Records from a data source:
Content starts

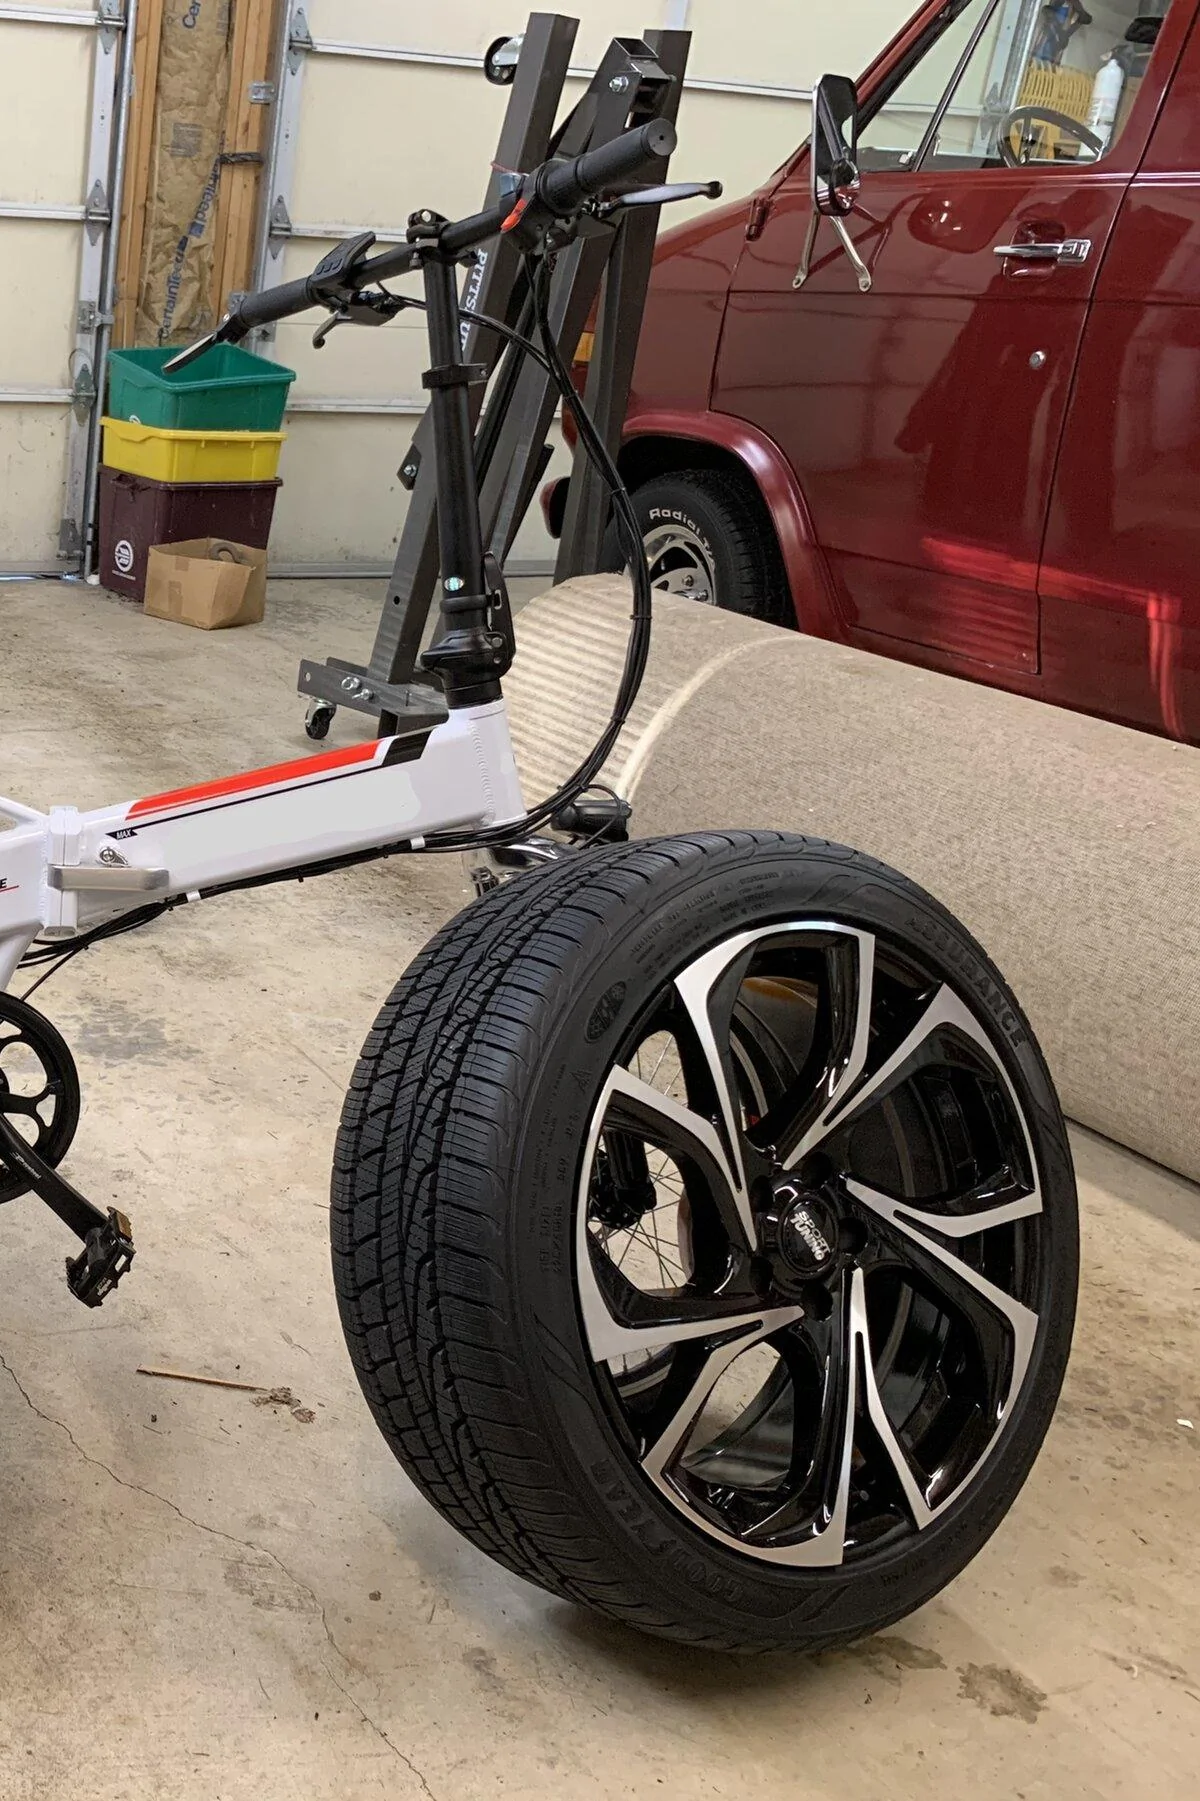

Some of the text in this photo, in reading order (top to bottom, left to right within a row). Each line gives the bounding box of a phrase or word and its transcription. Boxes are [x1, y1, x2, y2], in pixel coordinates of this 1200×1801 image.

[649, 508, 700, 535] Radial
[116, 829, 132, 840] MAX
[904, 918, 1026, 1048] ASSURANCE
[789, 1213, 825, 1261] TUNING
[798, 1211, 831, 1253] SPORT
[589, 1457, 744, 1602] GOODYEAR

Content ends

* _Required work_: What belongs in the answer is each line above, reproduced exactly, and no picture.

* _Solution for this exercise_:
Some of the text in this photo, in reading order (top to bottom, left to right within a row). Each line gives the bounding box of a phrase or word and its transcription. Boxes are [x1, y1, x2, y2], in pixel coordinates of this 1200×1801 image.

[649, 508, 700, 535] Radial
[116, 829, 132, 840] MAX
[904, 918, 1026, 1048] ASSURANCE
[789, 1213, 825, 1261] TUNING
[798, 1211, 831, 1253] SPORT
[589, 1457, 744, 1602] GOODYEAR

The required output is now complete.